I want to get students far beyond memorizing a textbook, while using examples from this week’s news. For example, if the topic is the First Amendment, just how far past their comfort range would they still be beacons for free speech. Students will experience a blossoming of their minds and possibilities they never dreamed of when walking into the classroom. They will leave with far more questions than when they arrived – instead of neat answers in black and white I want them to seek out the gray in the shadows. I expect them to have stories that could air in top 40 markets by their junior year. The standard is not student work – but great work on major networks.

I believe in the importance of maintaining and nourishing relationships with every student possible. I have helped dozens of students well beyond graduation day. They definitely need advice in real world newsroom pressures, workplace politics, and story coaching. I also believe that journalism is an actual calling.
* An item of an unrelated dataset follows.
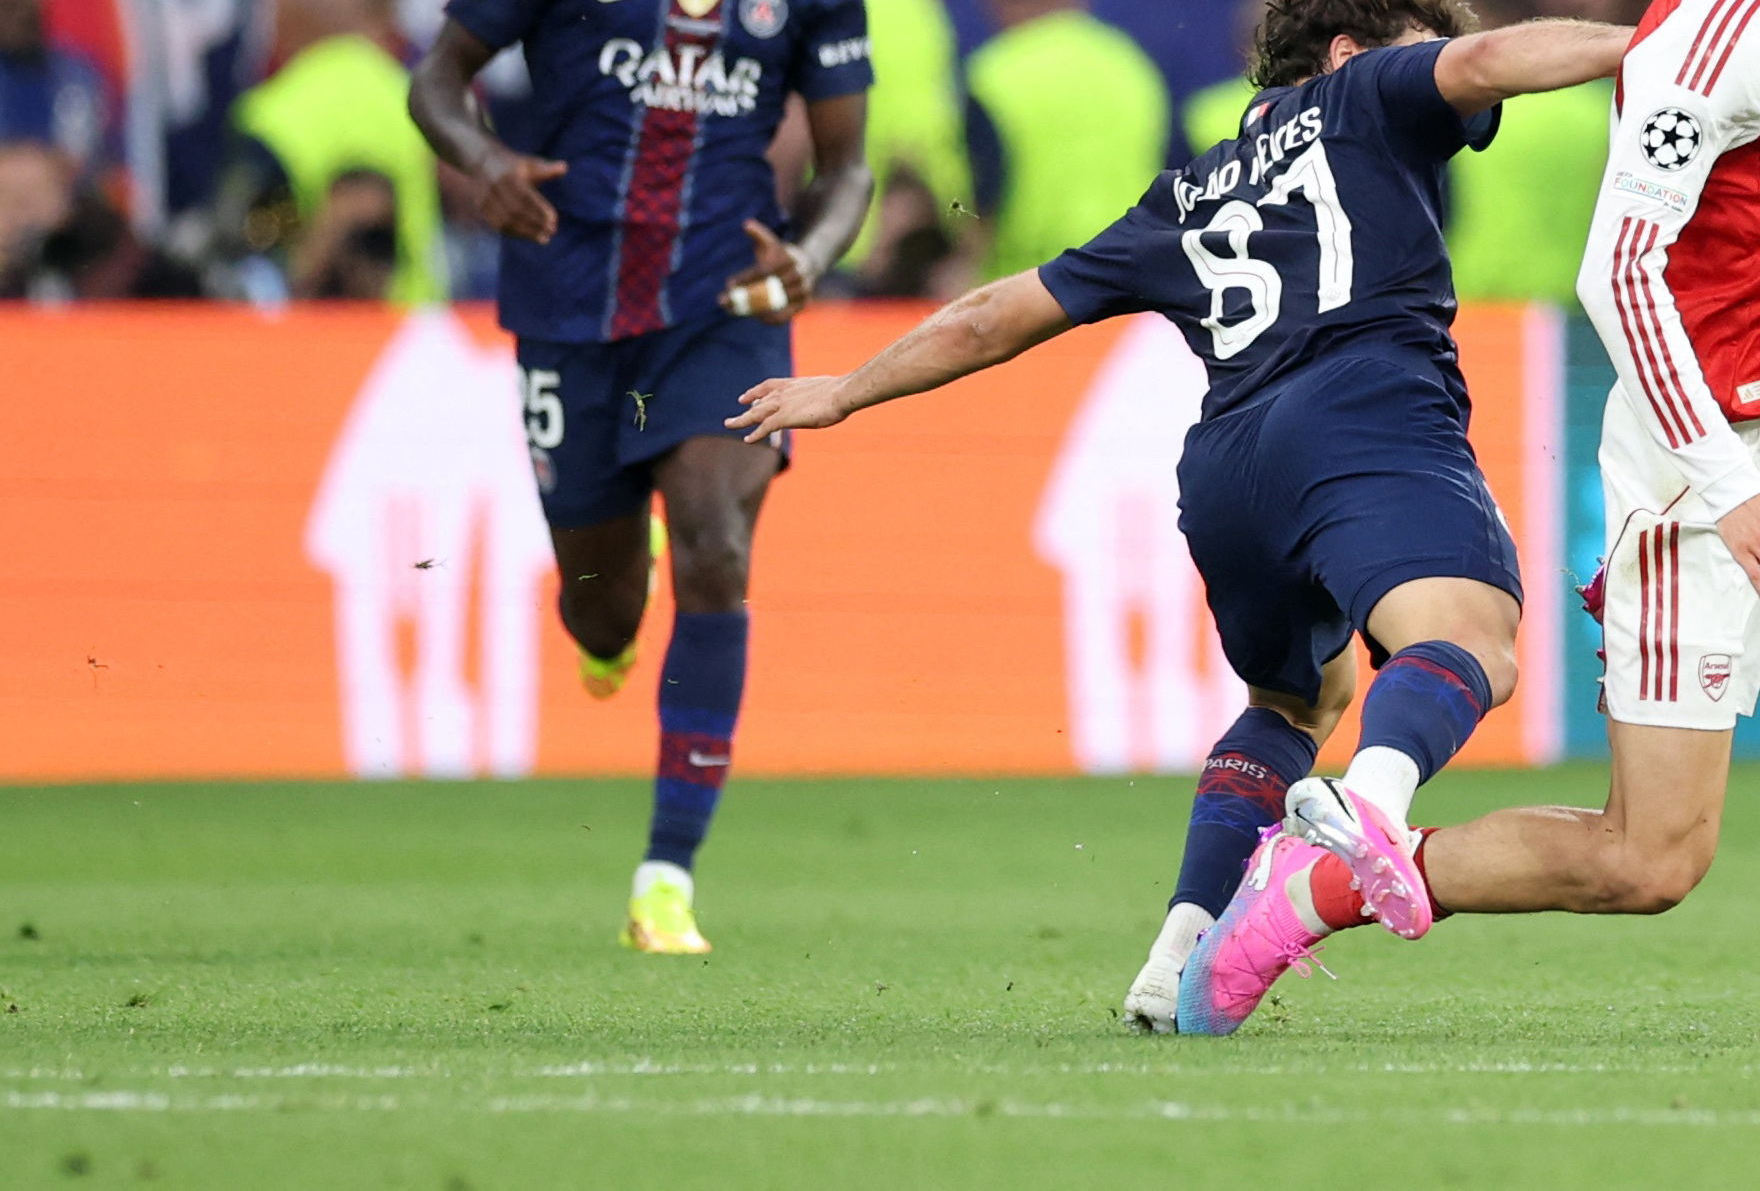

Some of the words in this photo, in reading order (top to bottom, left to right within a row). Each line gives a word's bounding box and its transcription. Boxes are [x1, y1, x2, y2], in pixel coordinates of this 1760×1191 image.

It makes no sense whatsoever to go into a dangerous place, covering a story, when everybody else in town is leaving. It also doesn’t make sense to make less money than business majors. But it makes plenty of sense if you cannot imagine doing anything else.

At the core of my teaching philosophy is the fundamental belief in the importance of journalistic integrity and belief in being held to the highest level of ethical standards. There is a great urgency for great journalist more than ever in a remarkably divided country; this is my personal motivation for teaching. I truly believe most of all that journalism and journalists matter. We are the only business protected by the Constitution and the first to be removed when a country is taken over by terrorists. Journalism and journalists matter and I cannot wait to help the next generation of great journalists.